Admittedly, there are real threats to maritime peace and security from the changing maritime-power equations and the sharpening competition over resources and geopolitical influence.
The Asia-Pacific region — with its crowded and, in some cases, contested sea lanes — is becoming the center of global maritime competition. Maritime tensions remain high in this region due to rival sovereignty claims, resource-related competition, naval buildups, and rising nationalism.
A lot of attention has focused on the maritime implications of China’s rise. President Xi Jinping has championed efforts to build China into a global maritime power, saying his government will do everything possible to safeguard China’s “maritime rights and interests” and warning that “in no way will the country abandon its legitimate rights and interests.”

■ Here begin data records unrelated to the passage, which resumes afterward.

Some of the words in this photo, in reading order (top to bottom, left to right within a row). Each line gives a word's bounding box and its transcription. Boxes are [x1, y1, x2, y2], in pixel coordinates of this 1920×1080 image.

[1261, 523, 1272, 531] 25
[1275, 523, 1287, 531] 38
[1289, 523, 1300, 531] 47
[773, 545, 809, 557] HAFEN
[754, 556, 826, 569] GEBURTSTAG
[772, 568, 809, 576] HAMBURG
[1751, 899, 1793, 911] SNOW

China’s increasing emphasis on the oceans was also evident from the November 2012 report to the 18th national congress of the Chinese Communist Party that outlined the country’s maritime-power strategy. It called for safeguarding China’s maritime rights and interests, including building improved capacity for exploiting marine resources and for asserting the country’s larger rights.

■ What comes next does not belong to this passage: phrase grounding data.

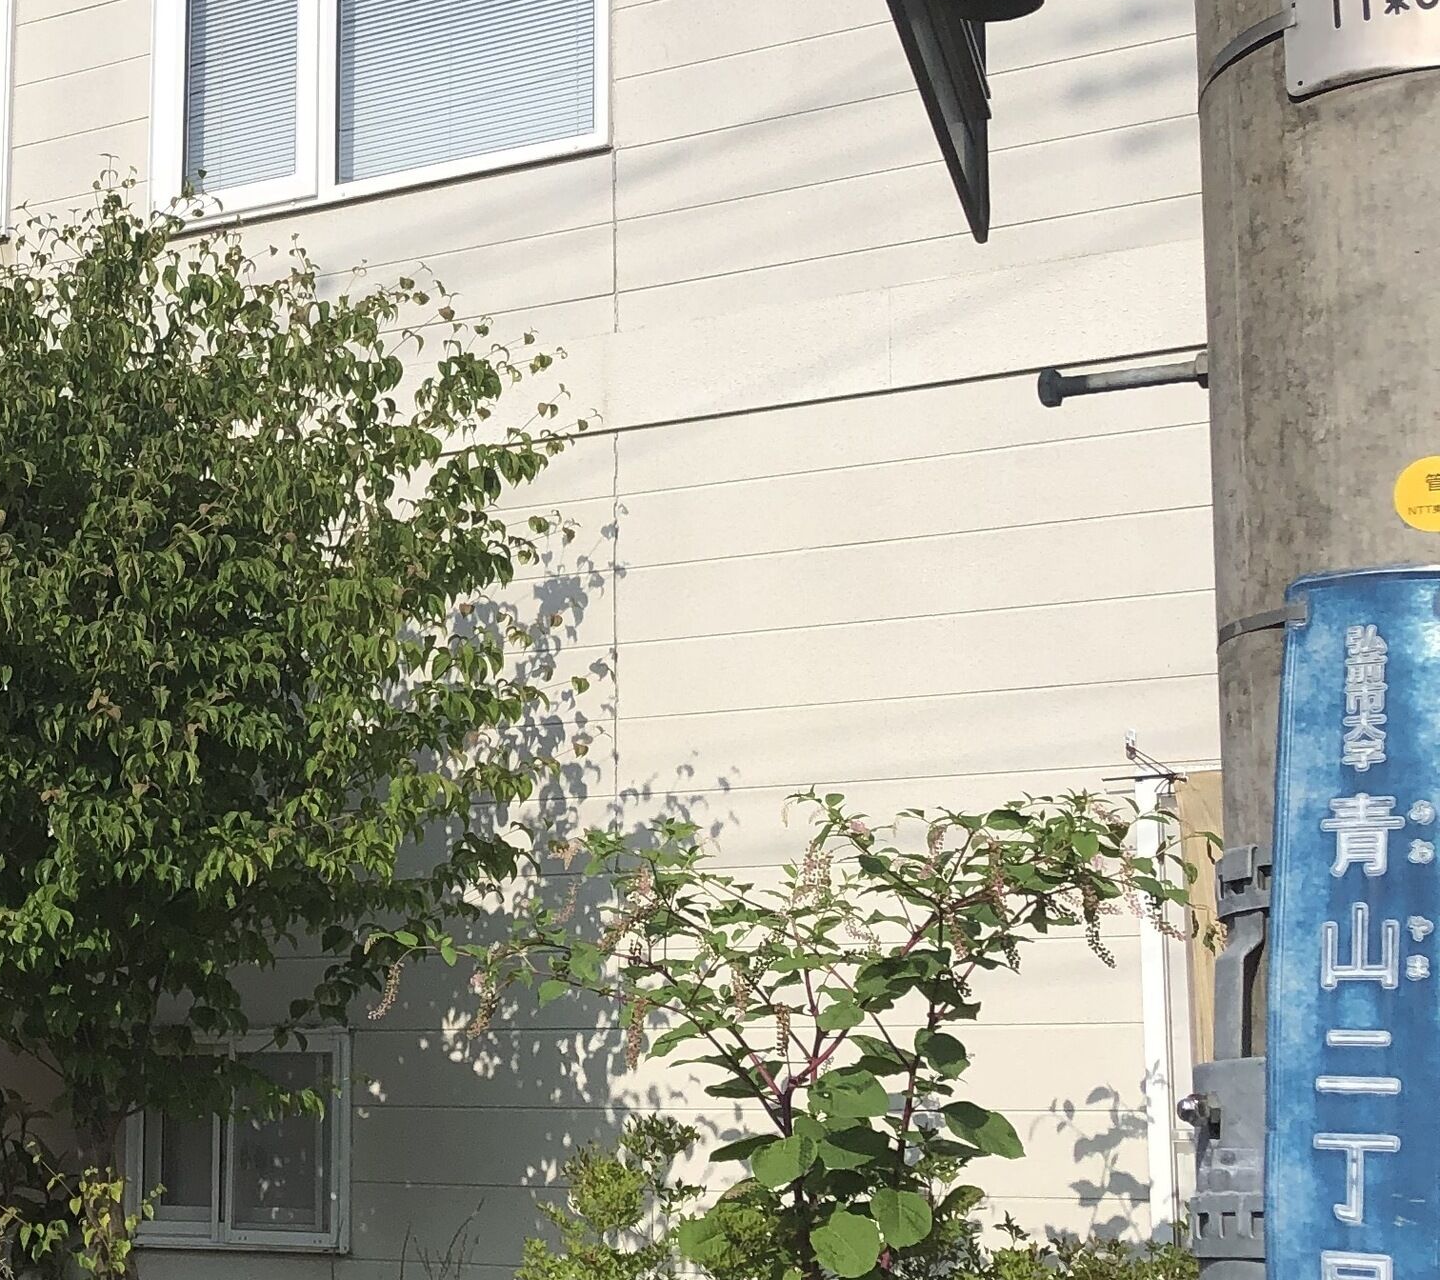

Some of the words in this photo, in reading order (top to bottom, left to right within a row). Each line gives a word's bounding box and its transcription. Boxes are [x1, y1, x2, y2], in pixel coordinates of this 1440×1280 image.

[1342, 624, 1388, 772] 弘前市大字
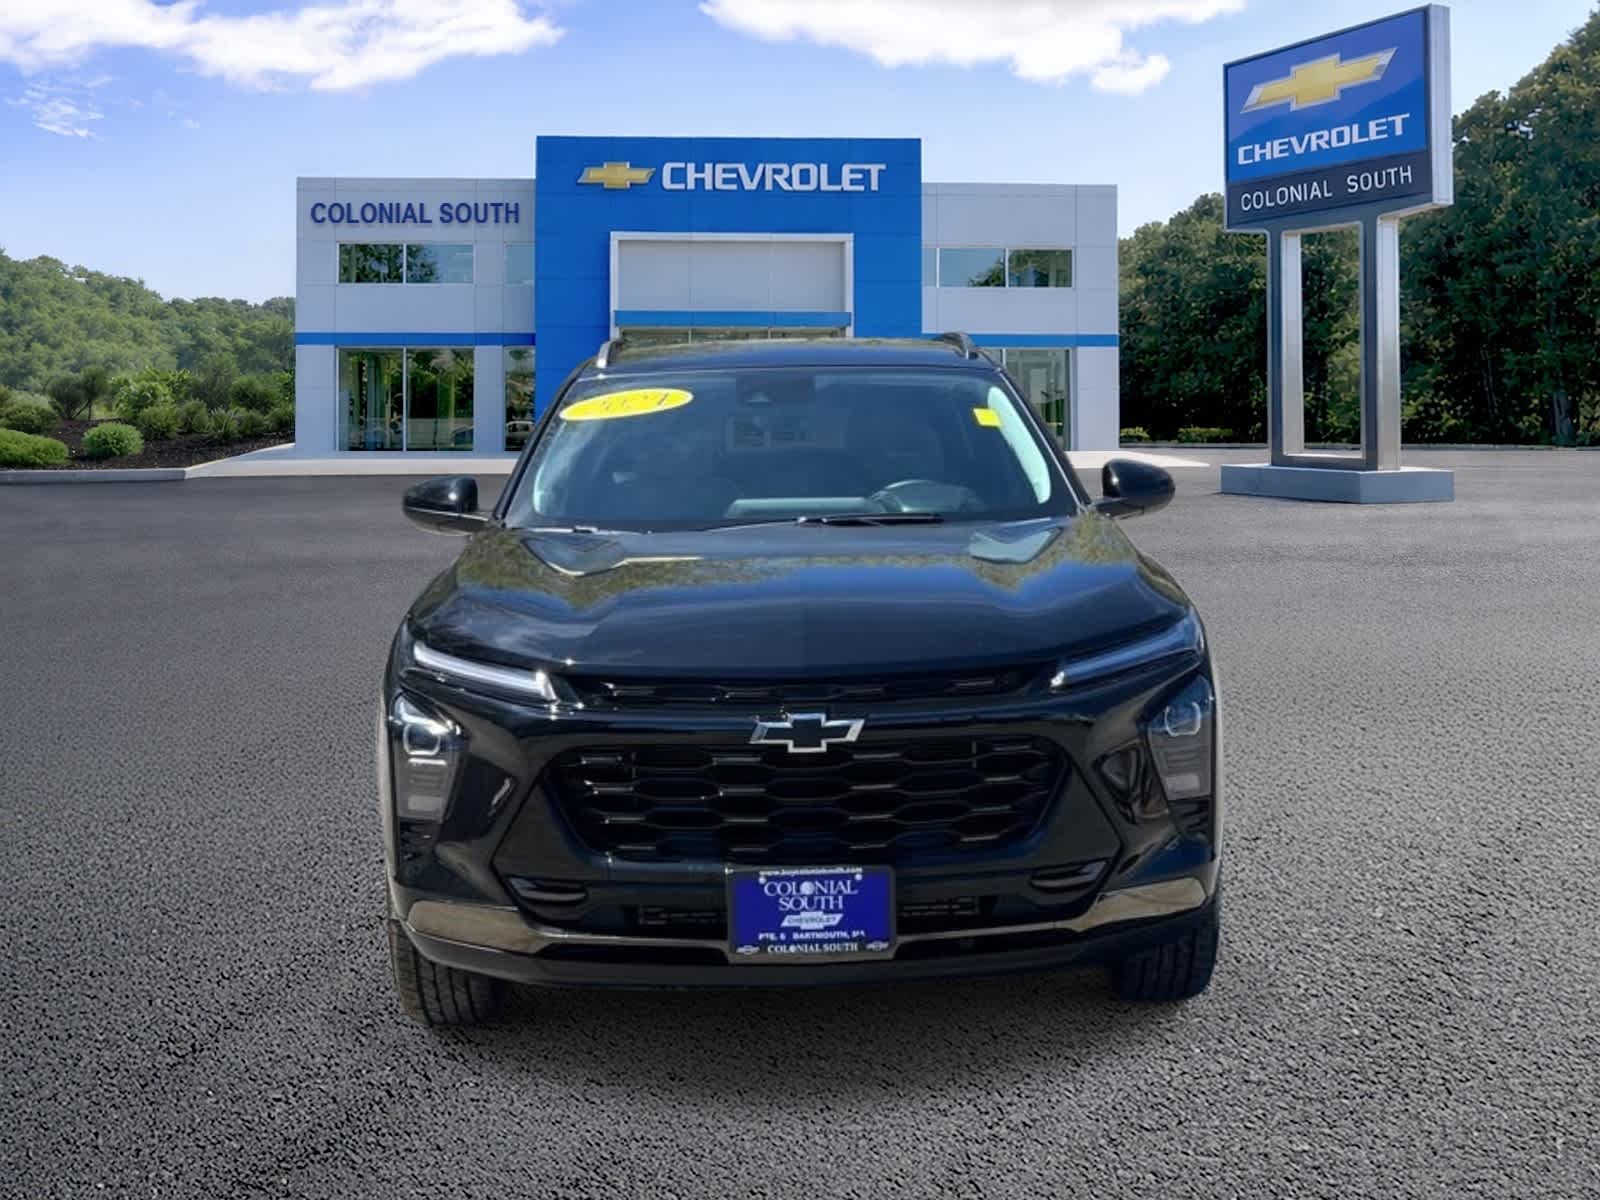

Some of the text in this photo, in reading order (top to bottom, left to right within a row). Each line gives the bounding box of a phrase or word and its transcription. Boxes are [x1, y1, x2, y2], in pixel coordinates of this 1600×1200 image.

[1237, 113, 1410, 165] CHEVROLET
[662, 162, 887, 192] CHEVROLET
[1240, 165, 1413, 212] COLONIAL SOUTH
[310, 202, 521, 225] COLONIAL SOUTH
[764, 880, 858, 896] COLONIAL
[779, 896, 843, 911] SOUTH
[768, 943, 858, 953] COLONIAL SOUTH

The risks of maritime conflict arising from mistake or miscalculation are higher between China and its neighbors than between China and the U.S. There has been a course correction in America’s “pivot” toward Asia, with Washington bending over backward to tamp down the military aspects of that policy, lest it puts it on the path of taking on Beijing. Even the term “pivot” has been abandoned in favor of the softer new phrase “rebalancing.”
The U.S. has pointedly refused to take sides in the sovereignty disputes between China and its neighbors. It has sought the middle ground between seeking to restrain China and reassure allies “without getting ourselves into a shooting war,” as former U.S. Deputy Secretary of State James Steinberg has put it.

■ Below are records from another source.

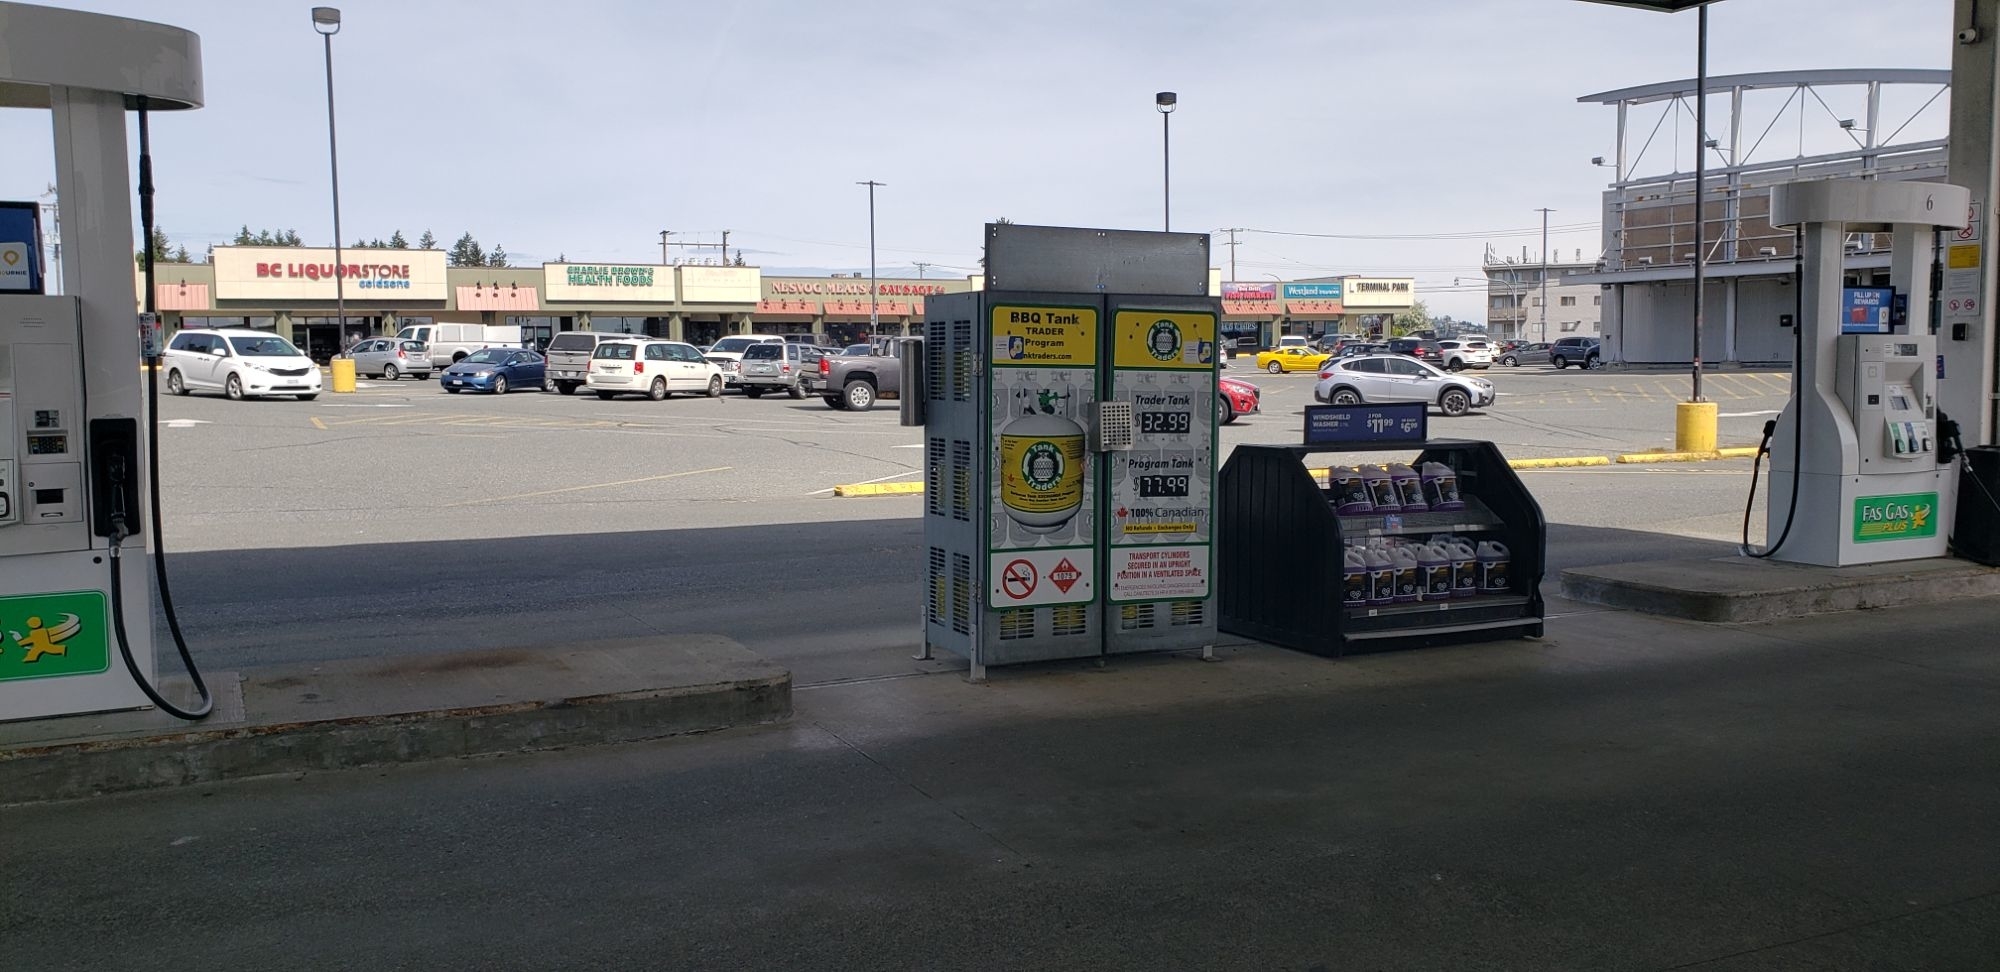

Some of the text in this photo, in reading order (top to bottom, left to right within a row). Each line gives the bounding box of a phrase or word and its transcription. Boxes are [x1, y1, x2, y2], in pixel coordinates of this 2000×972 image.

[1926, 194, 1933, 210] 6
[256, 263, 282, 278] BC
[567, 266, 654, 275] CHARLIE BROWN'S
[359, 279, 410, 289] coldzone
[568, 275, 653, 287] HEALTH FOODS
[772, 282, 822, 294] NESVOG
[826, 283, 866, 294] MEATS
[879, 285, 933, 296] SAUSAGE
[1288, 286, 1318, 295] Westland
[1356, 283, 1390, 292] TERMINAL
[1392, 283, 1409, 292] PARK
[1011, 312, 1079, 324] BBQ Tank
[1026, 327, 1064, 336] TRADER
[1025, 339, 1064, 348] Program
[1024, 352, 1072, 360] nktraders.com
[1152, 349, 1179, 360] Traders
[1136, 395, 1190, 405] Trader Tank
[1032, 444, 1054, 453] Tank
[1129, 458, 1194, 472] Program Tank
[1027, 476, 1061, 490] Traders
[1131, 507, 1204, 518] 100% Canadian
[1863, 503, 1908, 521] FAS GAS
[1882, 522, 1908, 531] PLUS
[1129, 551, 1190, 560] TRANSPORT CYLINDERS
[1128, 562, 1151, 570] SECURED
[1169, 560, 1190, 568] UPRIGHT
[1154, 570, 1184, 578] VENTILATED
[1185, 569, 1202, 577] SPACE

China has also shied away from directly challenging U.S. interests. It has been careful not to step on America’s toes. Its assertiveness has been largely directed at its neighbors. After all, China is seeking to alter the territorial and maritime status quo in Asia little by little. This can be described as a “salami-slice” strategy or, what a Chinese general, Zhang Zhaozhong, has called, a “cabbage” strategy — surrounding a contested area with multiple security layers to deny access to the rival nation.
This bit-by-bit strategy increases the risk of maritime conflict through overreach and the inadvertent encouragement it provides to neighboring countries to overcome their differences and strategically collaborate.
The new international maritime challenges, however, go beyond China’s jurisdictional “creep.” The oceans and seas not only have become pivotal to any power’s security and engagement with the outside world but they also constitute the strategic hub of the global geopolitical competition. The growing importance of maritime resources and of sea-lane safety, as well as the concentration of economic boom zones along the coasts, has made maritime security more critical than ever.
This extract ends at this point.